Caziel’s paintings dating 1963-1967 demonstrate an exciting development in his research into Abstraction during his last years in France, before moving to Somerset, UK. With these works, Caziel believed that, as Picasso and Braque did when they invented Cubism, he was reaching for a higher order of reality, a new perspective, which hinted at the spiritual in a search for the fourth dimension. These works exude energy and vitality - the colours dazzle, making the shapes cheerful.
At the beginning of his 1960s outburst of creativity starting in 1963, Caziel was living in the village Ponthévrard, with his wife Catherine Sinclair, the headstrong artistic daughter of Sir Archibald Sinclair, Secretary of State for Air during the Second World War, and their five-year-old young daughter Clementina. The present group of paintings encapsulate the happiest period of Caziel’s life when he and his muse Catherine lived out their dream existence in this rural paradise located on the South-West outskirts of Paris.

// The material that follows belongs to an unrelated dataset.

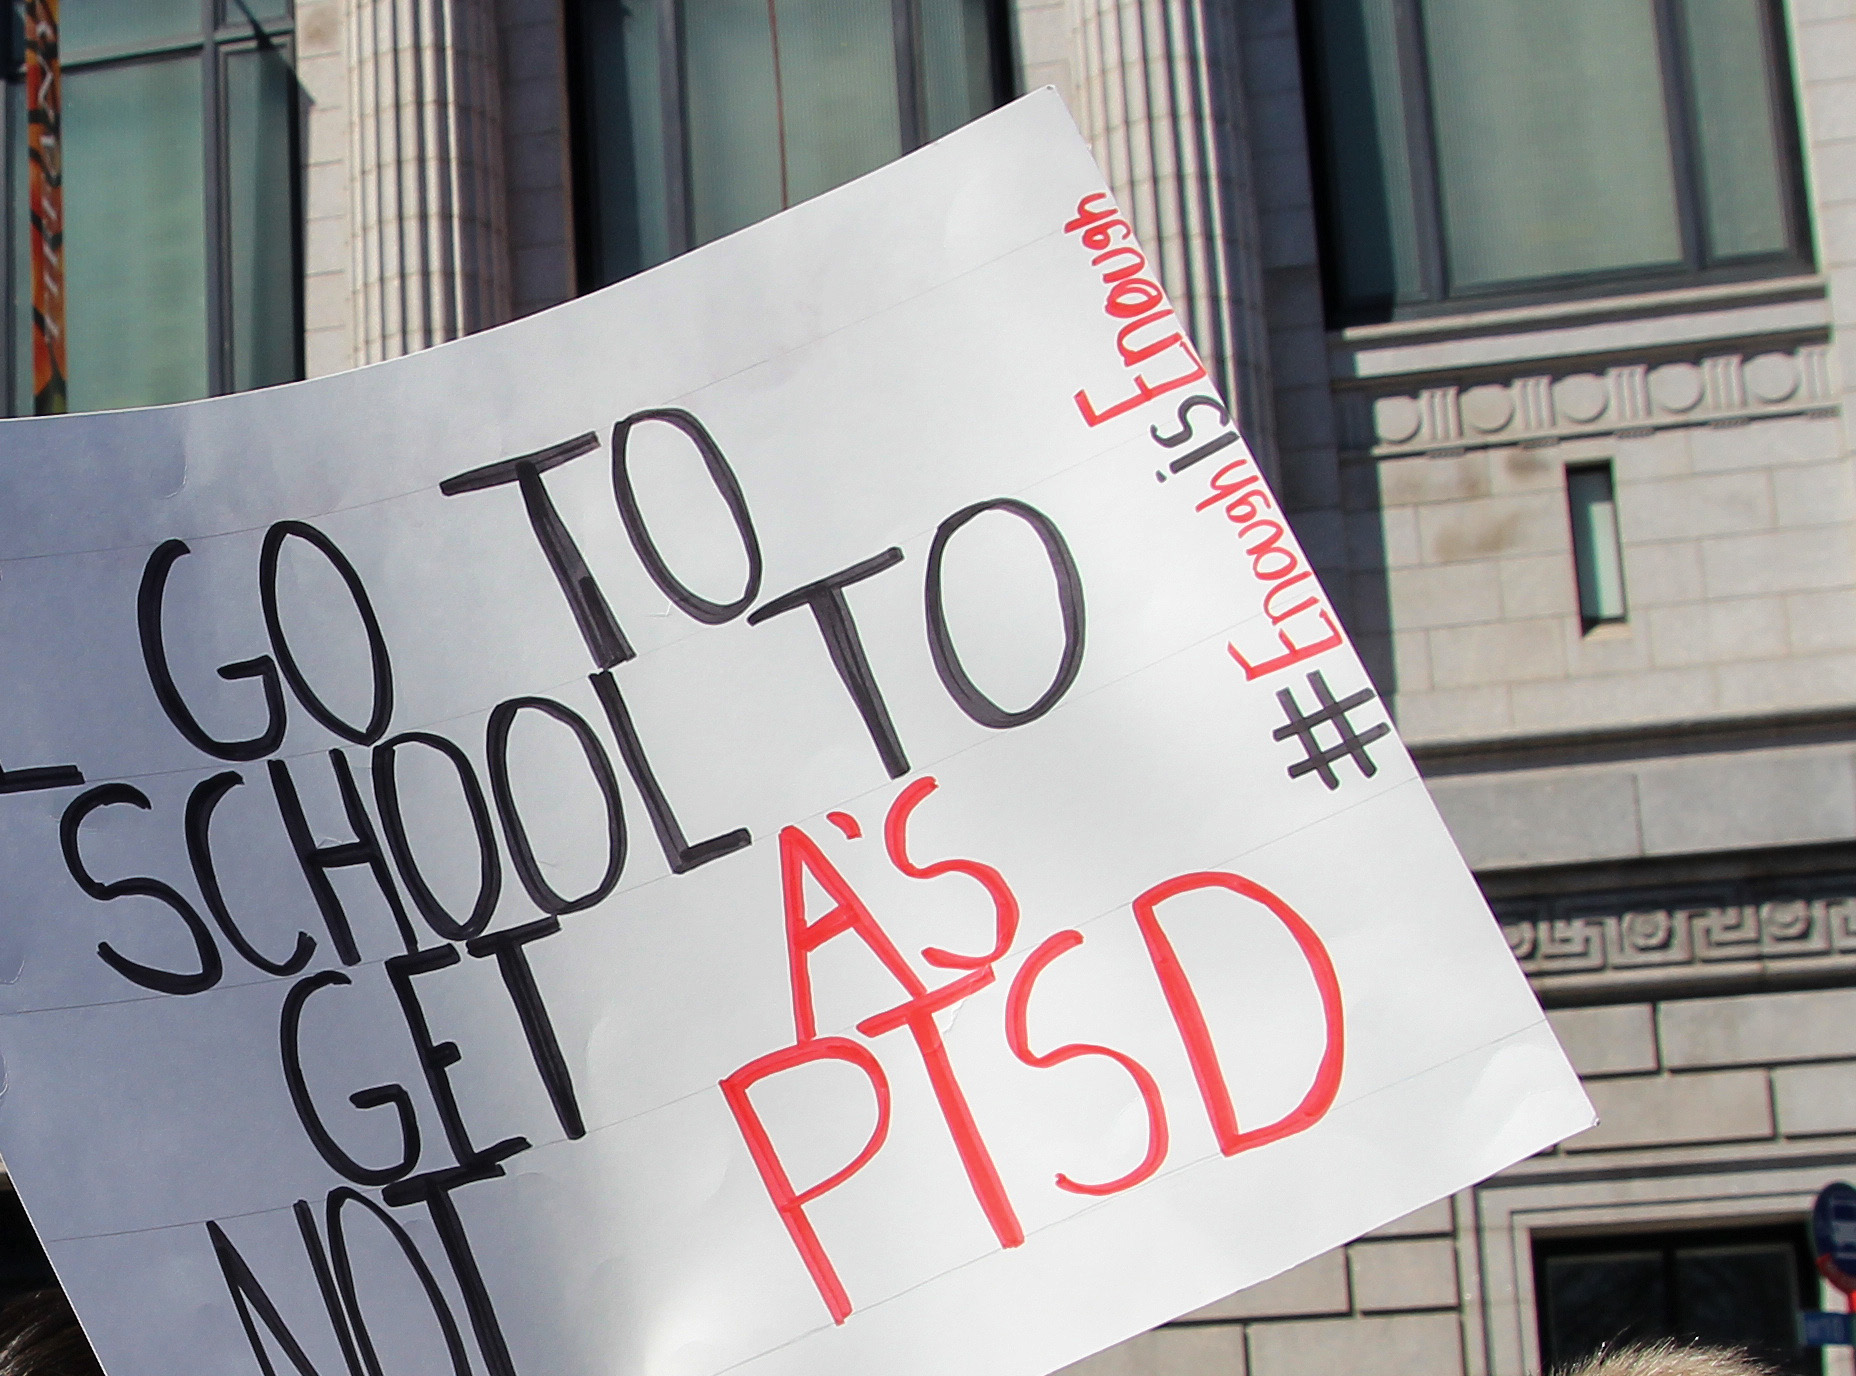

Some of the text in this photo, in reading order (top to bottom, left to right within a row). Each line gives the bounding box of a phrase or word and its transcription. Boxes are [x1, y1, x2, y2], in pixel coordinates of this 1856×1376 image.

Caziel worked like an alchemist combining colours and shapes in exactly the desired amounts, in order to create a response to the essence of being; his works do not defy description but to look for tangible meaning is to deny them of their utilitarian purpose. Caziel believed in the healing power of the visual arts, his thoughtful combinations of colour and form aim to nourish the soul just as food nourishes the body.